I don’t even care for industry gossip, at least not the type you might expect. Do I spend time pondering Sumner Redstone’s alleged addiction to sex and steak? Not in the least. Did I eagerly pore over the transcripts of Nate Parker’s rape trial? I skipped them altogether.
But when it comes to Hollywood past, I’m a moth to a flame.
Each time I stumble on an out-of-the-way bookstore (an increasing rarity), I make a rush for the movie section — and not for the arcane volumes on cinematic theory or the movie-maker interviews of the sort I frequently conduct myself. I want scuttlebutt. Tattle-telling. Dirt.

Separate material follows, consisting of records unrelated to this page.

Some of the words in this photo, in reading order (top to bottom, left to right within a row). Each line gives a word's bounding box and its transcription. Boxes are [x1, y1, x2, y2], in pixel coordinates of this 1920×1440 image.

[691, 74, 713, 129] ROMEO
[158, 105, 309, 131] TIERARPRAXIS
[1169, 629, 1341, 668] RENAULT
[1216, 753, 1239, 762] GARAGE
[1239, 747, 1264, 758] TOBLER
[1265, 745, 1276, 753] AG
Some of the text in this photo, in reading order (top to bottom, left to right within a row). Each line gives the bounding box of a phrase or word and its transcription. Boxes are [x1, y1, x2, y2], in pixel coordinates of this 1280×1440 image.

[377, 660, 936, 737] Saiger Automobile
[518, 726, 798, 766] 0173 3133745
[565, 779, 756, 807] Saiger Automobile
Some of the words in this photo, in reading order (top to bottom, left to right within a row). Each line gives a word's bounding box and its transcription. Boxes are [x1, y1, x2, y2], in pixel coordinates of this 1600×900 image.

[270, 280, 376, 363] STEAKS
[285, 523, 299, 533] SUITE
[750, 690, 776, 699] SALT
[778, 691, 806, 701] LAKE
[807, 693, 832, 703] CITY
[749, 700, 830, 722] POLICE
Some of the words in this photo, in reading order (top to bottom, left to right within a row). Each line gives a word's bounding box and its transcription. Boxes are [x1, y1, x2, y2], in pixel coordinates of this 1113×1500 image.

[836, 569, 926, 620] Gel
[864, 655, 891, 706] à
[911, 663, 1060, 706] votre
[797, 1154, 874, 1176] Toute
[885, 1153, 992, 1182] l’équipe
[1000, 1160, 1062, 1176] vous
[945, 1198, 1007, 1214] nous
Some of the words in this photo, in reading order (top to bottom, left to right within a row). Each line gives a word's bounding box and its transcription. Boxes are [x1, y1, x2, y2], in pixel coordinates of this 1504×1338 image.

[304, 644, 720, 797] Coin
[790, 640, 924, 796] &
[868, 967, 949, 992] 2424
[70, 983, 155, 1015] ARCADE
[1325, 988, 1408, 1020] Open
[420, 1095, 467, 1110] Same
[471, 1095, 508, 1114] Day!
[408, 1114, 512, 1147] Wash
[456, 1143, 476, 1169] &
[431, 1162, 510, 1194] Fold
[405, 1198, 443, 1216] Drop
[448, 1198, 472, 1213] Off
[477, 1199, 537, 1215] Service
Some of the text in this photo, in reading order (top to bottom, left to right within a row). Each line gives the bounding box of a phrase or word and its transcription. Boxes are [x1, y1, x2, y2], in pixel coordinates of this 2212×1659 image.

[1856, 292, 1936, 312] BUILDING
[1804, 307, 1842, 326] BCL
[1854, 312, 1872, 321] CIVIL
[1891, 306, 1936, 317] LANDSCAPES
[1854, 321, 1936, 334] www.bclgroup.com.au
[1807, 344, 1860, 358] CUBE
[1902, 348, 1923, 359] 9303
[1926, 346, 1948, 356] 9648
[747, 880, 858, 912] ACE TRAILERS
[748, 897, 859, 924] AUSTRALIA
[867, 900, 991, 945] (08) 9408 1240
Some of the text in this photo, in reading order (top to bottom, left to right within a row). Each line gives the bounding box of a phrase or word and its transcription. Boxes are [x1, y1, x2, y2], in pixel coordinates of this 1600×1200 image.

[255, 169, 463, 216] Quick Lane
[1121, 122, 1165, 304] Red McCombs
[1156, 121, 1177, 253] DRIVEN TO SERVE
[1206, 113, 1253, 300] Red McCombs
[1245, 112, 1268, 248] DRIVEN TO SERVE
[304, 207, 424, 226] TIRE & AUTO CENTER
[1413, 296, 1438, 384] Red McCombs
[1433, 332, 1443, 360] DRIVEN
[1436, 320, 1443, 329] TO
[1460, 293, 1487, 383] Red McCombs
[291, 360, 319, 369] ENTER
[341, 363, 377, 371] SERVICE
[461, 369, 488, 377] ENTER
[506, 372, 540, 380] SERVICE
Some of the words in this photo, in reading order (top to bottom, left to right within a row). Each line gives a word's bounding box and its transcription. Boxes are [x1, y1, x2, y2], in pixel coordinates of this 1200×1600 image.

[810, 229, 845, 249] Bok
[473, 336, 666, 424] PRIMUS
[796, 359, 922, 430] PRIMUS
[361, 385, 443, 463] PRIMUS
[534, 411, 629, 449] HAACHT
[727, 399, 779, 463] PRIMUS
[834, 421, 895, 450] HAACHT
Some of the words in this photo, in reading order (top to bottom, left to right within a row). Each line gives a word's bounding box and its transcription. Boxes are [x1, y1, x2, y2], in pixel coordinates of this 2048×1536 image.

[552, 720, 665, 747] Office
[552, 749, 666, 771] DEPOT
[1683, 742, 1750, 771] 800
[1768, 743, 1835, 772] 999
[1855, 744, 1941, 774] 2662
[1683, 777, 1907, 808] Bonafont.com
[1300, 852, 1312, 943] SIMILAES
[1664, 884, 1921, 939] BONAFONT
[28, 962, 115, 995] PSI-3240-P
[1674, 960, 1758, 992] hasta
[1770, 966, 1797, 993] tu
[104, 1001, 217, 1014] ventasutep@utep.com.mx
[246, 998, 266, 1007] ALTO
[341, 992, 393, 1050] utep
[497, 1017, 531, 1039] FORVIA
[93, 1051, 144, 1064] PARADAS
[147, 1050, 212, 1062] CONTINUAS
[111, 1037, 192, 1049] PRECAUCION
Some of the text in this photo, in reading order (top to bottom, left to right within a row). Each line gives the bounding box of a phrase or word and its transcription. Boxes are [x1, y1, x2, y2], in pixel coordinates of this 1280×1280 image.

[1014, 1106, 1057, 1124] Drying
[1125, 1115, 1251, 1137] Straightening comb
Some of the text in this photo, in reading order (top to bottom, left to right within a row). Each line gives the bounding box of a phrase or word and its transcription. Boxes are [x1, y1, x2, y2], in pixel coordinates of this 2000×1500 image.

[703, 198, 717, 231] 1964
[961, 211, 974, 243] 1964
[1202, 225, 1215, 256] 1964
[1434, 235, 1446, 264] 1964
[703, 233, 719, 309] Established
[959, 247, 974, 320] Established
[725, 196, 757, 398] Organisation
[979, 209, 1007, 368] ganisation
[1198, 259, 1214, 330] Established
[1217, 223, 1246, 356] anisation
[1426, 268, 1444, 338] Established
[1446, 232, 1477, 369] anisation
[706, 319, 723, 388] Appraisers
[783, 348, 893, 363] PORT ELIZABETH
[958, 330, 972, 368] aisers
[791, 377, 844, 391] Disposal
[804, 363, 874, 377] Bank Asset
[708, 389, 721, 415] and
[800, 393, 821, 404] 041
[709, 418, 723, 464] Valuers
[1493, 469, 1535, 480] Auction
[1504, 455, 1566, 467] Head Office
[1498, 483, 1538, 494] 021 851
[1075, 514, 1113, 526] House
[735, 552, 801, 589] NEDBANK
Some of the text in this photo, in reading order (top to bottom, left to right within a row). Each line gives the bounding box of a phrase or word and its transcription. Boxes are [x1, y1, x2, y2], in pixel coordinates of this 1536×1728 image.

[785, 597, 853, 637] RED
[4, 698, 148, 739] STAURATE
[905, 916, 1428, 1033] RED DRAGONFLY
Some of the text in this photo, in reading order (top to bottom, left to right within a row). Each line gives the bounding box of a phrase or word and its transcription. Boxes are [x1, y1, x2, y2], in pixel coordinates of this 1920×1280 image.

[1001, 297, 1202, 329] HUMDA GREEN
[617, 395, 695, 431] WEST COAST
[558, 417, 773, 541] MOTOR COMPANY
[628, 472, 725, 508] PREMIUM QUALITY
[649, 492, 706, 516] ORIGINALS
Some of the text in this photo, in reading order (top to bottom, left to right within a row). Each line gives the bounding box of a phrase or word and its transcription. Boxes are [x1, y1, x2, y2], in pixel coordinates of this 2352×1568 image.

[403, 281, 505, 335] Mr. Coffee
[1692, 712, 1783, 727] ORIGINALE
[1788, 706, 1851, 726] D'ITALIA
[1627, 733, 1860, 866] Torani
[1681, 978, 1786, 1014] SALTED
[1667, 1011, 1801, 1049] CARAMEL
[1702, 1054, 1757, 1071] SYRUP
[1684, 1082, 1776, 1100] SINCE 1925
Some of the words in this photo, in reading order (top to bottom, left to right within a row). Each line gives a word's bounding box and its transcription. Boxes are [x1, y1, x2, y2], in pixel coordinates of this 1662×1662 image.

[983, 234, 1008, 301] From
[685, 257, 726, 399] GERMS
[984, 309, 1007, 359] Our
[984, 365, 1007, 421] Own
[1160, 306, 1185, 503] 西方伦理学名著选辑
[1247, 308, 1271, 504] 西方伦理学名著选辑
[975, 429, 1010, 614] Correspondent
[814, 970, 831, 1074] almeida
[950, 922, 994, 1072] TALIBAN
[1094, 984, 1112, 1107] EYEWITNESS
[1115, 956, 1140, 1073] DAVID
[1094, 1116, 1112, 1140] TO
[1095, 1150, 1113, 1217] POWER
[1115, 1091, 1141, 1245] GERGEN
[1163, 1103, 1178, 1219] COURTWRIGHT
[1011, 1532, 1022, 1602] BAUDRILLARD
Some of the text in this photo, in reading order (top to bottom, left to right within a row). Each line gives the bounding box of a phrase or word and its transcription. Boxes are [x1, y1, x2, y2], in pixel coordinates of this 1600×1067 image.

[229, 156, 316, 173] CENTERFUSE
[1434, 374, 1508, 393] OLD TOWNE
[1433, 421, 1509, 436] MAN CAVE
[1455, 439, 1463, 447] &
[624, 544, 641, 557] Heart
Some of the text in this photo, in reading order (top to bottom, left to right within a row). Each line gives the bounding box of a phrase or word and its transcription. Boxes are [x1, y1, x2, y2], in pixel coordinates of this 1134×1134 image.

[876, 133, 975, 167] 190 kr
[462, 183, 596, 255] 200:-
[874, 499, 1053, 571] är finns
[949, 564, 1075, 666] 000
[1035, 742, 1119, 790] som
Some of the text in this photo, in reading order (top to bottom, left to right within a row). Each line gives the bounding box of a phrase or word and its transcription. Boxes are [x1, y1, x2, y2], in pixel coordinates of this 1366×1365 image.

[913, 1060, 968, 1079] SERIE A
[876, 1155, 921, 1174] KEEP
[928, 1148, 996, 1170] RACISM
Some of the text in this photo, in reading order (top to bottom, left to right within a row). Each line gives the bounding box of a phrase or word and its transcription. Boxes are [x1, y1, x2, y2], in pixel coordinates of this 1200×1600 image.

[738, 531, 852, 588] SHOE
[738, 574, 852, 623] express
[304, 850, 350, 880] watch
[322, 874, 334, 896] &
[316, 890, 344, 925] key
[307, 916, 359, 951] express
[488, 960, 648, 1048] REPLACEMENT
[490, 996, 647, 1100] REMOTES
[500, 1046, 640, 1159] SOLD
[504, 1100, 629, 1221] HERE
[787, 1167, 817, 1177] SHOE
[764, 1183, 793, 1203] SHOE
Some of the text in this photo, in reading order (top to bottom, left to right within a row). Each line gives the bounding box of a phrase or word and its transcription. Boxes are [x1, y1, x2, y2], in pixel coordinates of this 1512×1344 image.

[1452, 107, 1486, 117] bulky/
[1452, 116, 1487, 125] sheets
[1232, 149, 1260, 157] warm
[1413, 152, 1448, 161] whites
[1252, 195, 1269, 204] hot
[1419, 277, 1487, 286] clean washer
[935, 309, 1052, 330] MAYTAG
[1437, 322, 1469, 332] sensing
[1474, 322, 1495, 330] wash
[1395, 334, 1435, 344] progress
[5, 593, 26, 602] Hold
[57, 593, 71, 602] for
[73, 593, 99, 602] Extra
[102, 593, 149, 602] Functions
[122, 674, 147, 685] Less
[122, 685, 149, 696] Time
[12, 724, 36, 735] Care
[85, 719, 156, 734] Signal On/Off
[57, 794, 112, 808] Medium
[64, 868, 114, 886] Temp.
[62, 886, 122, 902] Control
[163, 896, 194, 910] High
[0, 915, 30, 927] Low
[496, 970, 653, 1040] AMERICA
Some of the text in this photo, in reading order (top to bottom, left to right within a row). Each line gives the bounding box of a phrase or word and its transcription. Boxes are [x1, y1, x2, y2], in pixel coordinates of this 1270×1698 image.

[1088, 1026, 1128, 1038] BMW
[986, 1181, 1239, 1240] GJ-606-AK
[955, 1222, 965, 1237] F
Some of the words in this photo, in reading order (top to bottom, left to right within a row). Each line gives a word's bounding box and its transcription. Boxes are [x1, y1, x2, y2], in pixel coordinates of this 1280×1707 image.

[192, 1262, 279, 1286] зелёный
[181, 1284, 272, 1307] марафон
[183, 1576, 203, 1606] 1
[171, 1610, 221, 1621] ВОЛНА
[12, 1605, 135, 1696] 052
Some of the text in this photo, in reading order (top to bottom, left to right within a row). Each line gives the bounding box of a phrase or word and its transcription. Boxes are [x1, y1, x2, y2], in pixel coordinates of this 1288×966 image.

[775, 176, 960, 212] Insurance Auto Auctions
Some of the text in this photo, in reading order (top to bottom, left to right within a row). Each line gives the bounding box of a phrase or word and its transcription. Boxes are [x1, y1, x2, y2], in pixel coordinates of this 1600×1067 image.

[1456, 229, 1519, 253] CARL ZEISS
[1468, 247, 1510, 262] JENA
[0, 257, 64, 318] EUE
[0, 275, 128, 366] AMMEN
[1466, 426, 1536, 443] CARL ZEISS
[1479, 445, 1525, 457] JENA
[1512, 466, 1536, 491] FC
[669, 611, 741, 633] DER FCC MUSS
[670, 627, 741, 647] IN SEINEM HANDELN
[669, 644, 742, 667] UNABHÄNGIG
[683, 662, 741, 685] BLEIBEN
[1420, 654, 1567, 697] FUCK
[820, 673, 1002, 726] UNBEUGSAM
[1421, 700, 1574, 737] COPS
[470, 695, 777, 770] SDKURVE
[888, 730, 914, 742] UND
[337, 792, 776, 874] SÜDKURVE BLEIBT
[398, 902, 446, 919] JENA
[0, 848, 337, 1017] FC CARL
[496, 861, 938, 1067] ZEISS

I like rumblings about the larger-than-life tyrants, those monstres sacrés as the French call them, who’ve all but vanished from Hollywood as we know it. I long to gobble up stories about the very people I’d probably be terrified to meet. Because, buried within the pages of old books, they’re safe and even strangely comforting. You can relish their misdeeds without being threatened by them; you can figure out ways to protect yourself, without ever needing to do so. They provide all the drama we could possibly want, without the stress and anxiety that inevitably accompany them in real life.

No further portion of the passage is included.